TASK DATA:
%%

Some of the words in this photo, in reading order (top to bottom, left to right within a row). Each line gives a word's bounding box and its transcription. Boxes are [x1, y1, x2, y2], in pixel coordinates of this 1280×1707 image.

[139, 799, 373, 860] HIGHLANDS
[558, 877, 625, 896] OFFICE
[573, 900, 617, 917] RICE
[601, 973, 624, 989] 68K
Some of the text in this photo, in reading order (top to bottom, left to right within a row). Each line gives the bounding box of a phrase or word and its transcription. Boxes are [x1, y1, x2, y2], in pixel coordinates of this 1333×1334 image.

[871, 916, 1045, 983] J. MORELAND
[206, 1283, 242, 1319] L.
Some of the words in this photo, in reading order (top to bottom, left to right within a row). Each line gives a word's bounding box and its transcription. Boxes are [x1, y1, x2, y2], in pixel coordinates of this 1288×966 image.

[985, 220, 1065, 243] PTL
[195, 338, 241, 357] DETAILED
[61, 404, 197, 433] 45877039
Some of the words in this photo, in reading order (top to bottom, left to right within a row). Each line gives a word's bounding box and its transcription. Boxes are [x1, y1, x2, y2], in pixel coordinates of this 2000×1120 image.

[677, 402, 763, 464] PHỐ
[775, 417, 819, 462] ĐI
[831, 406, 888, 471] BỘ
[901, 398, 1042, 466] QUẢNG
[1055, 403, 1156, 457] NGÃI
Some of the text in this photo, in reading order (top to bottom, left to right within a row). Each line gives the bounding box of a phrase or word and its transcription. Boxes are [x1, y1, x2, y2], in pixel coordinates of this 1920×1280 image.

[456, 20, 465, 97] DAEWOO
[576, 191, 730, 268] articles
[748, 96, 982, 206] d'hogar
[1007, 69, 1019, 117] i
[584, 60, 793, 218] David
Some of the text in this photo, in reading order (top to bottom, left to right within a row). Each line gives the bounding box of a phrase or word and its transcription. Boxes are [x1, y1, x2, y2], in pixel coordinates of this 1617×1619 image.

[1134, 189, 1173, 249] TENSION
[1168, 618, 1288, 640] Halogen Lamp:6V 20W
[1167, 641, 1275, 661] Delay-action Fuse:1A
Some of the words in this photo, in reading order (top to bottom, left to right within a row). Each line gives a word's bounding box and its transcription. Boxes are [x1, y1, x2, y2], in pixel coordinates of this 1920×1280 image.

%%

Repeat the material above in full. Change no word.

Some of the words in this photo, in reading order (top to bottom, left to right within a row). Each line gives a word's bounding box and its transcription. Boxes are [x1, y1, x2, y2], in pixel coordinates of this 1280×1707 image.

[139, 799, 373, 860] HIGHLANDS
[558, 877, 625, 896] OFFICE
[573, 900, 617, 917] RICE
[601, 973, 624, 989] 68K
Some of the text in this photo, in reading order (top to bottom, left to right within a row). Each line gives the bounding box of a phrase or word and its transcription. Boxes are [x1, y1, x2, y2], in pixel coordinates of this 1333×1334 image.

[871, 916, 1045, 983] J. MORELAND
[206, 1283, 242, 1319] L.
Some of the words in this photo, in reading order (top to bottom, left to right within a row). Each line gives a word's bounding box and its transcription. Boxes are [x1, y1, x2, y2], in pixel coordinates of this 1288×966 image.

[985, 220, 1065, 243] PTL
[195, 338, 241, 357] DETAILED
[61, 404, 197, 433] 45877039
Some of the words in this photo, in reading order (top to bottom, left to right within a row). Each line gives a word's bounding box and its transcription. Boxes are [x1, y1, x2, y2], in pixel coordinates of this 2000×1120 image.

[677, 402, 763, 464] PHỐ
[775, 417, 819, 462] ĐI
[831, 406, 888, 471] BỘ
[901, 398, 1042, 466] QUẢNG
[1055, 403, 1156, 457] NGÃI
Some of the text in this photo, in reading order (top to bottom, left to right within a row). Each line gives the bounding box of a phrase or word and its transcription. Boxes are [x1, y1, x2, y2], in pixel coordinates of this 1920×1280 image.

[456, 20, 465, 97] DAEWOO
[576, 191, 730, 268] articles
[748, 96, 982, 206] d'hogar
[1007, 69, 1019, 117] i
[584, 60, 793, 218] David
Some of the text in this photo, in reading order (top to bottom, left to right within a row). Each line gives the bounding box of a phrase or word and its transcription. Boxes are [x1, y1, x2, y2], in pixel coordinates of this 1617×1619 image.

[1134, 189, 1173, 249] TENSION
[1168, 618, 1288, 640] Halogen Lamp:6V 20W
[1167, 641, 1275, 661] Delay-action Fuse:1A
Some of the words in this photo, in reading order (top to bottom, left to right within a row). Each line gives a word's bounding box and its transcription. Boxes are [x1, y1, x2, y2], in pixel coordinates of this 1920×1280 image.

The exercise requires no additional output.